Last few seasons have seen the emergence of new designers on the red carpet.
Some of these brands have been traditionally day wear brands who have now moved into the evening space while others have hired new young designers to take the brand ahead with a new creative energy. Hedi Slimane for Saint Laurent and Olivier Rousteing for Balmain are two names which instantly come to mind. It is a welcome change in a maze of the usual suspects - Chanel, Dior, Versace and Armani. Brands like Emilio Pucci, Giambattista Valli, Roland Mouret, Marchesa and Stella McCartney are the new design names rocking the red carpet from BAFTA to Met Gala to Cannes.
Fashion is like a buffet
Designer Nachiket Barve says, "The new red carpet staples are Givenchy under Riccardo Tisci and Lanvin. Emilio Pucci was a rock star himself and the brand is the extension of his personality. After a very long time we have seen the resurgence of the brand aimed at a long limb-ed, honeyed woman. Lanvin is another fave because it's not conventionally sexy or revealing and has a massive sense of individuality. Fashion is cyclical and democratic like a buffet and you can not see the monopoly of one evening brand. Giambattista Valli and Elie Saab have taken over the space in a short period of time."

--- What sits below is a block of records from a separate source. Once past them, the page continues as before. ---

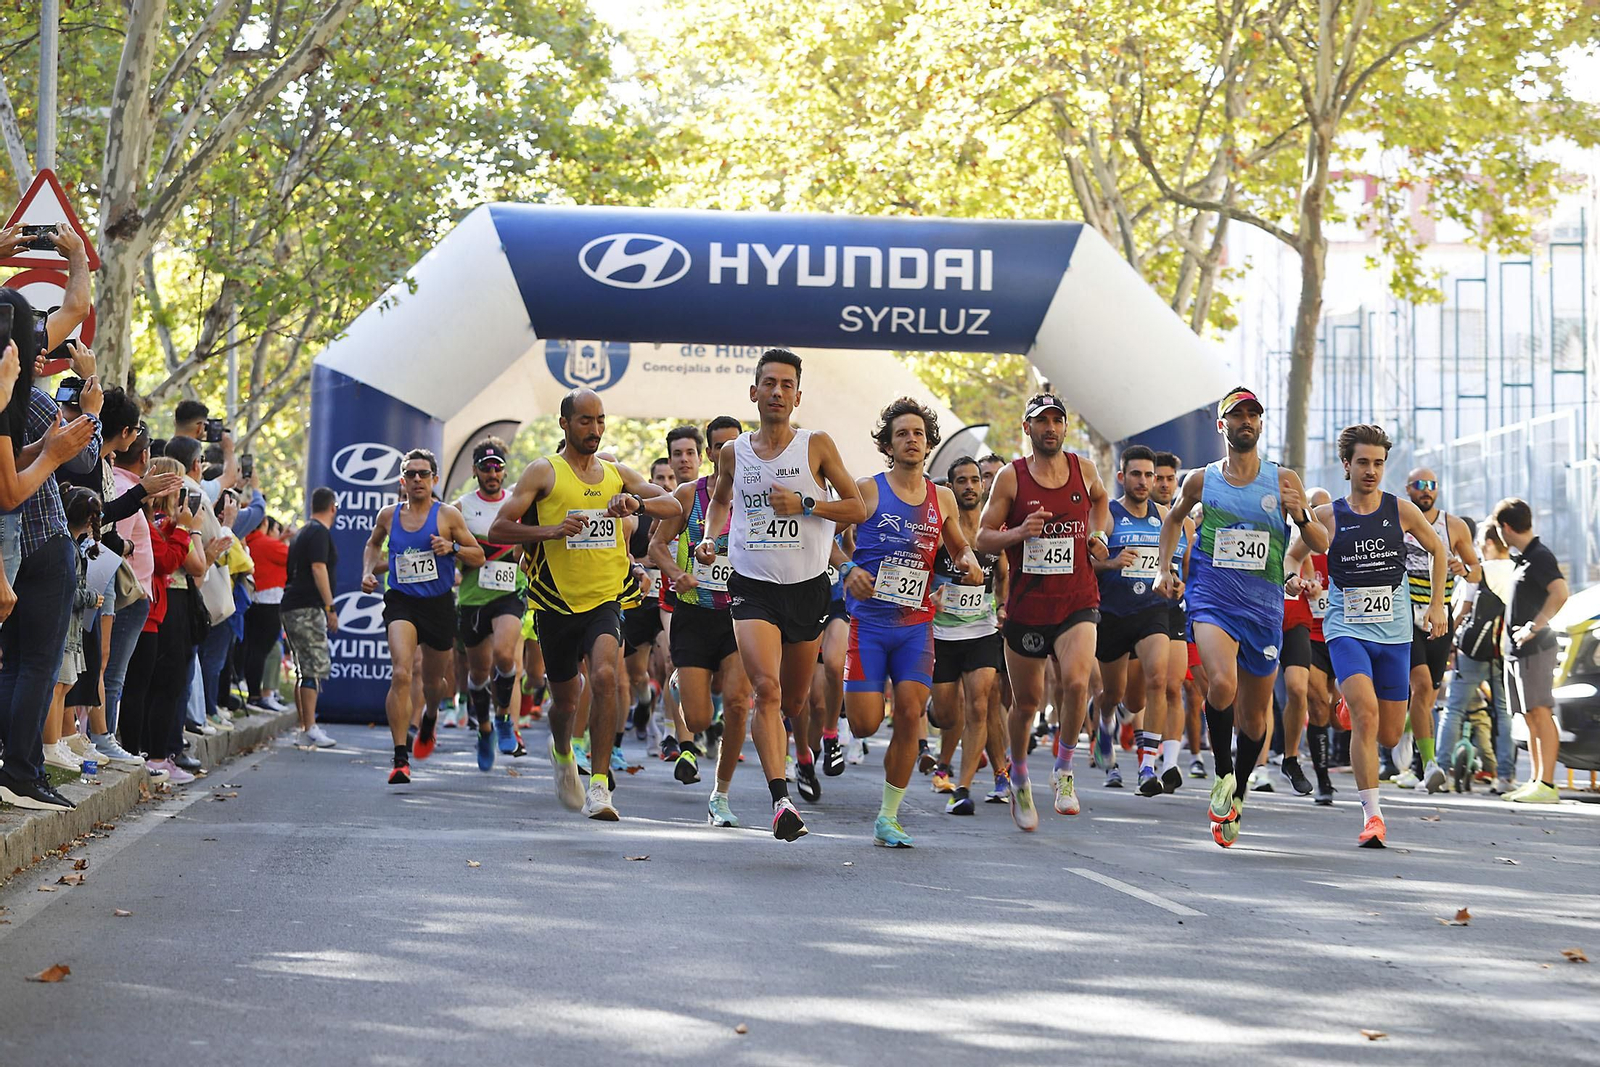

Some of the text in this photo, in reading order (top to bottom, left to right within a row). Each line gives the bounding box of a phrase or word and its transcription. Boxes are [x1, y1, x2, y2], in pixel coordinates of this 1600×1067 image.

[709, 242, 993, 291] HYUNDAI
[839, 305, 991, 335] SYRLUZ
[681, 344, 706, 357] de
[716, 364, 731, 373] de
[743, 476, 761, 484] TEAM
[334, 491, 399, 510] YUND
[335, 515, 377, 530] SYRL
[590, 519, 614, 537] 239
[766, 520, 799, 537] 470
[1044, 521, 1085, 534] COSTA
[1236, 541, 1266, 559] 340
[1354, 538, 1385, 553] HGC
[1043, 548, 1071, 563] 454
[1341, 554, 1368, 562] Huelva
[411, 559, 434, 574] 173
[712, 565, 734, 581] 66
[495, 570, 514, 582] 689
[897, 577, 923, 597] 321
[960, 594, 982, 607] 613
[1363, 596, 1390, 613] 240
[328, 639, 392, 659] YUND
[330, 663, 393, 680] SYRLUZ

Stylist Ami Patel says, "I think the new red carpet faves which have emerged over the past few seasons are Roland Mouret, Temperley London and Alexander McQueen. Prabal Gurung too has upped the game."
Preening in Pucci
Celebs in India like Gauri Khan too have gravitated towards Emilio Pucci. Is Pucci the new fave? Designer Surily Goel says, "Emilio Pucci has evolved - from doing prints to playing with a lot of lace and sexy sheer back. Also, there is a new sense of beading and shimmer value. However, I wouldn't call it the ultimate go-to brand. It's a divided stage."
New faves: Simone Rocha and Sarah Burton for Alexander McQueen
Designer Nimish Shah of label Shift says, "Simone Rocha is the next big name. Designer Sarah Burton has morphed McQueen from being an art piece into a wearable art form. Lanvin is popular among more senior celebs and Michael Kors keeps bouncing back. It also depends on the relationship between the brand and the celeb wearing it. For instance, Helena Carter often wears Vivienne Westwood.

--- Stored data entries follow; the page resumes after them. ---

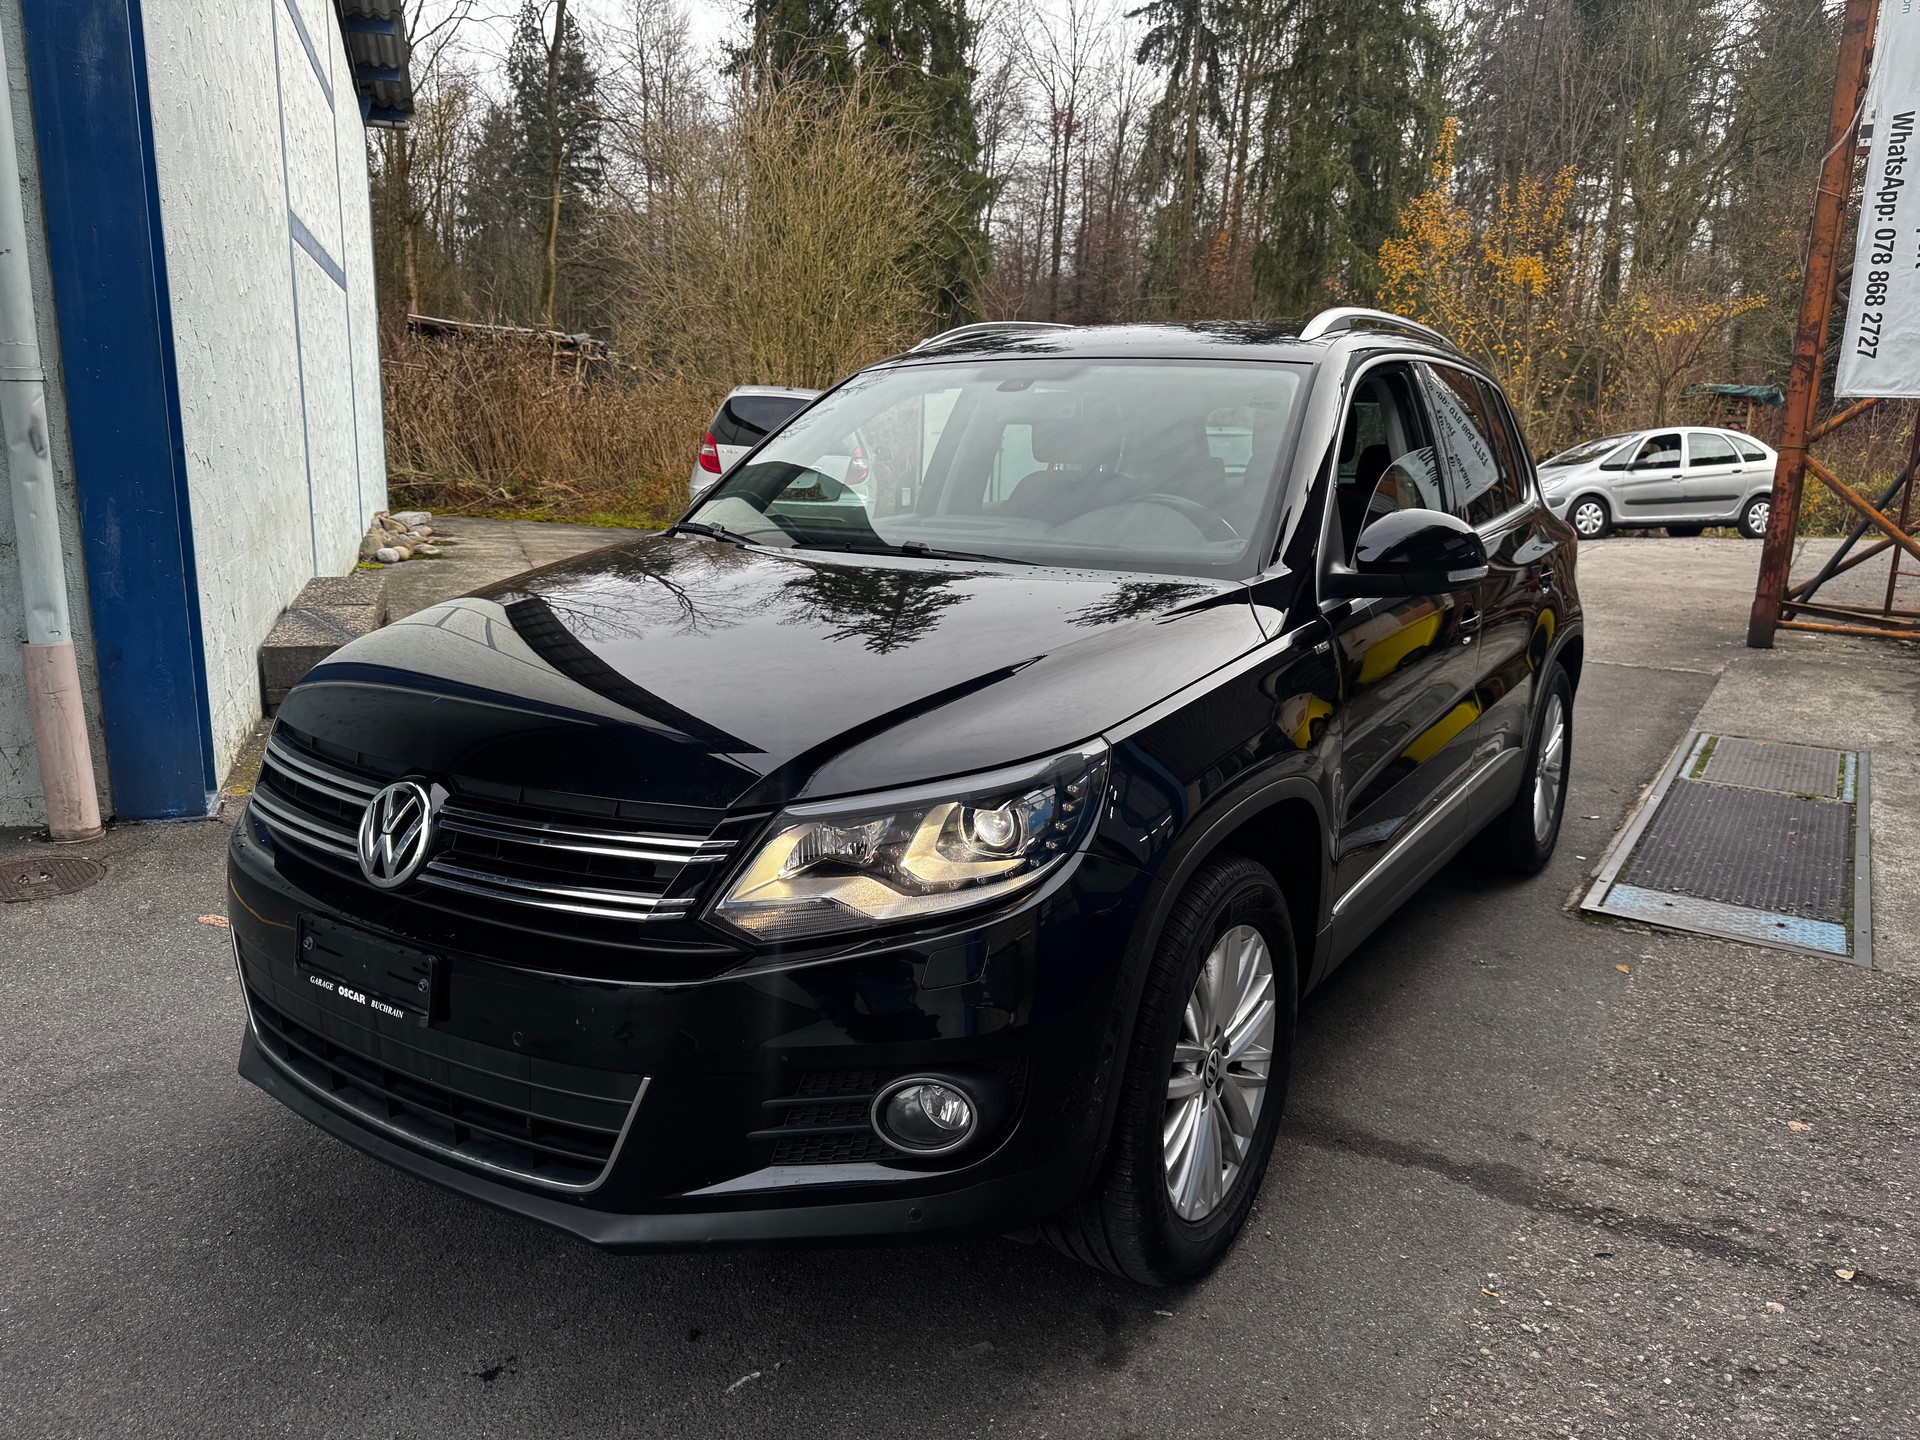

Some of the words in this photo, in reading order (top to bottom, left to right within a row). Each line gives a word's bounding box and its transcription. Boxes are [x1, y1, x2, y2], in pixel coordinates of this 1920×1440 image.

[1874, 110, 1916, 222] WhatsApp:
[1870, 228, 1897, 265] 078
[1864, 270, 1890, 307] 868
[1856, 312, 1883, 359] 2727
[309, 975, 334, 991] GARAGE
[338, 985, 366, 1005] OSCAR
[370, 1000, 404, 1019] BUCHRAIN

Also red carpet has less to do with the brand ethos or aesthetic and more to do with the dress in question. Aish's Cavalli is dress is not something Cavalli would do generally. A lot of French labels are hiring young designers from NYC who are in their 30s and they are taking risks and creating excitement on a vocal level which doesn't necessarily mean conversion. Often celebs opting for labels like Marchesa or Temperley London want to communicate their fashion forward style statement."
Designer Pria Kataaria Puri says, "Most celebs on the red carpet end up looking the same. One sees the usual emerald green, electric blue, rose pink, deep purple and yellow. I think the new generation of actresses is more aware about their personal style and favour young designers who suit their style. In fact, big brands are now paying celebs to wear their clothes and it's not just about clothes being custom made. Brands like Calvin Klein and Prada which were not red carpet initially have entered the red carpet space in a big way."